START Data for this exercise

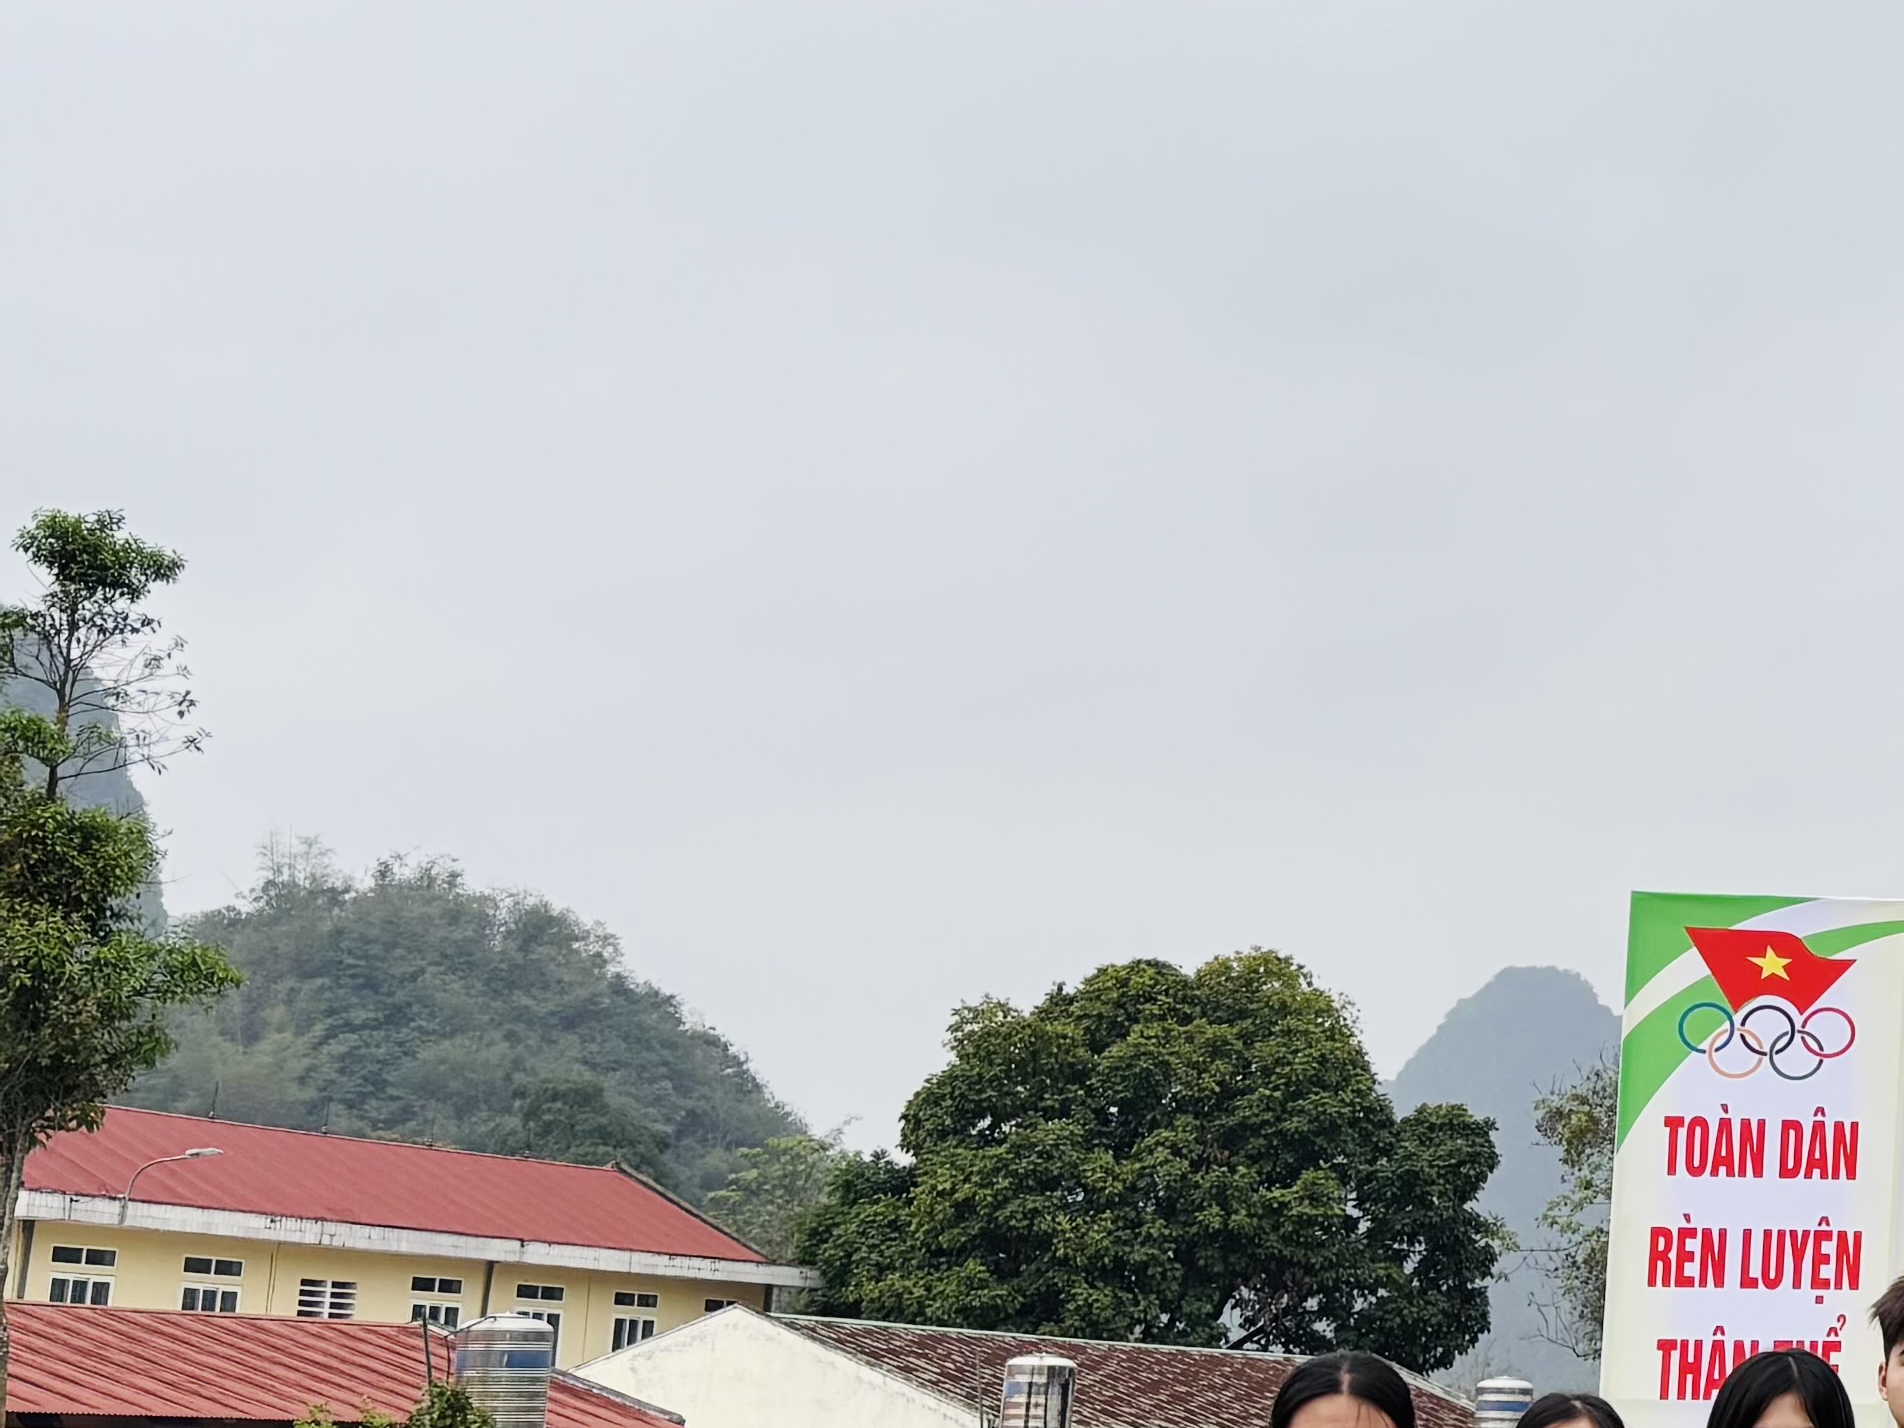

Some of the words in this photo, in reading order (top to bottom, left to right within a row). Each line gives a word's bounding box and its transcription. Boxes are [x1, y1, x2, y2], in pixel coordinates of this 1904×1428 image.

[1664, 1104, 1767, 1179] TOÀN
[1779, 1107, 1860, 1181] DÂN
[1647, 1213, 1728, 1289] RÈN
[1739, 1217, 1863, 1304] LUYỆN
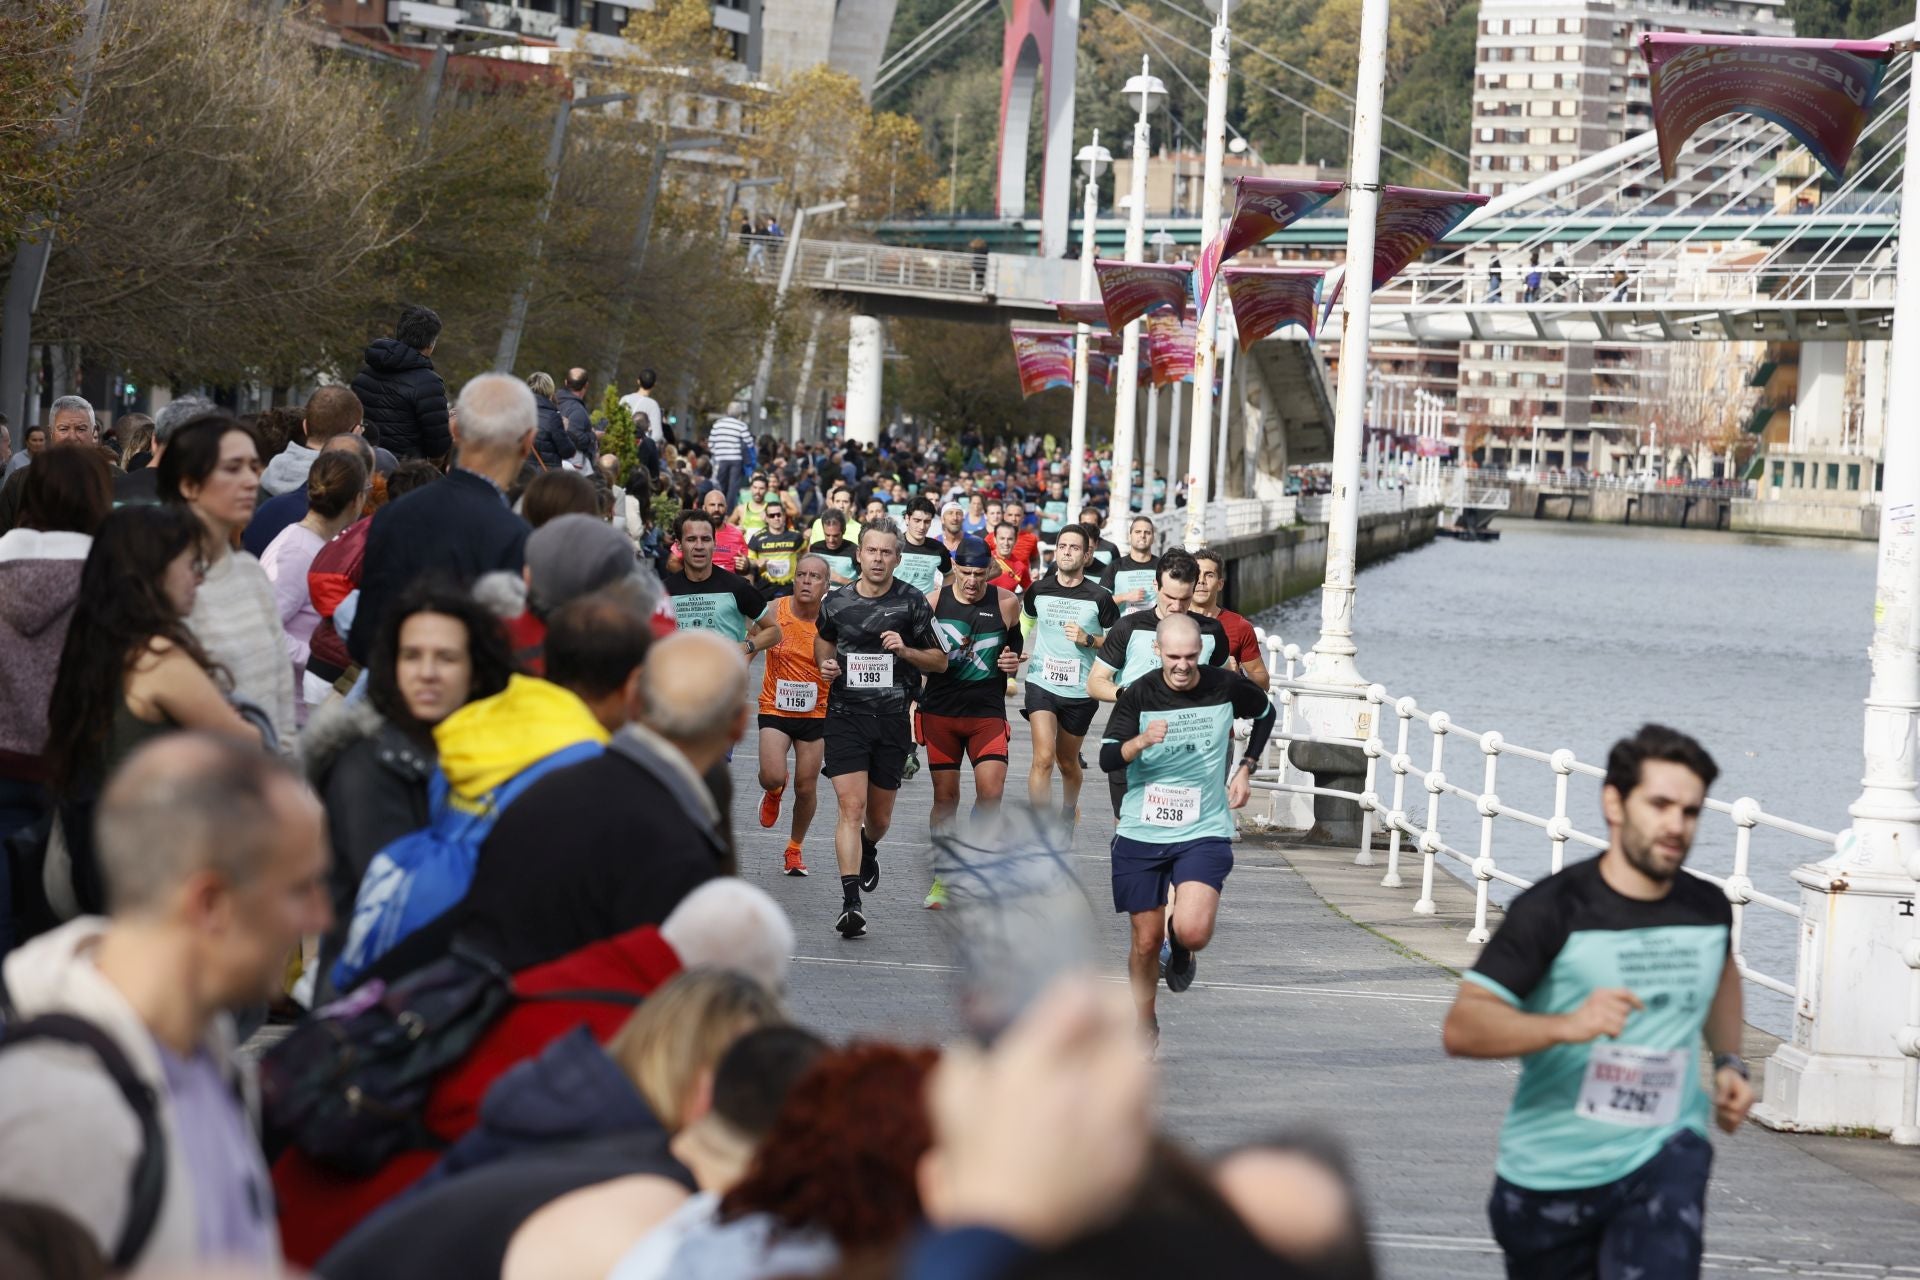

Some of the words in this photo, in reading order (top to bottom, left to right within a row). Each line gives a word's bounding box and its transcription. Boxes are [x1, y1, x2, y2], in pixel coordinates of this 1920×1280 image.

END Data for this exercise

_Required action_. Every line above should be retyped exactly; the pictures do not belong in the copy.

_Response below_.
Some of the words in this photo, in reading order (top to bottom, left to right within a row). Each line gives a word's bounding box and its transcription. Boxes are [x1, y1, x2, y2], in pixel coordinates of this 1904×1428 image.

[1664, 1104, 1767, 1179] TOÀN
[1779, 1107, 1860, 1181] DÂN
[1647, 1213, 1728, 1289] RÈN
[1739, 1217, 1863, 1304] LUYỆN

Some of the words in this photo, in reading order (top to bottom, left to right within a row). Each line gives a word's bounding box and its transcription. Boxes are [x1, y1, x2, y2], in pixel coordinates of this 1920×1280 image.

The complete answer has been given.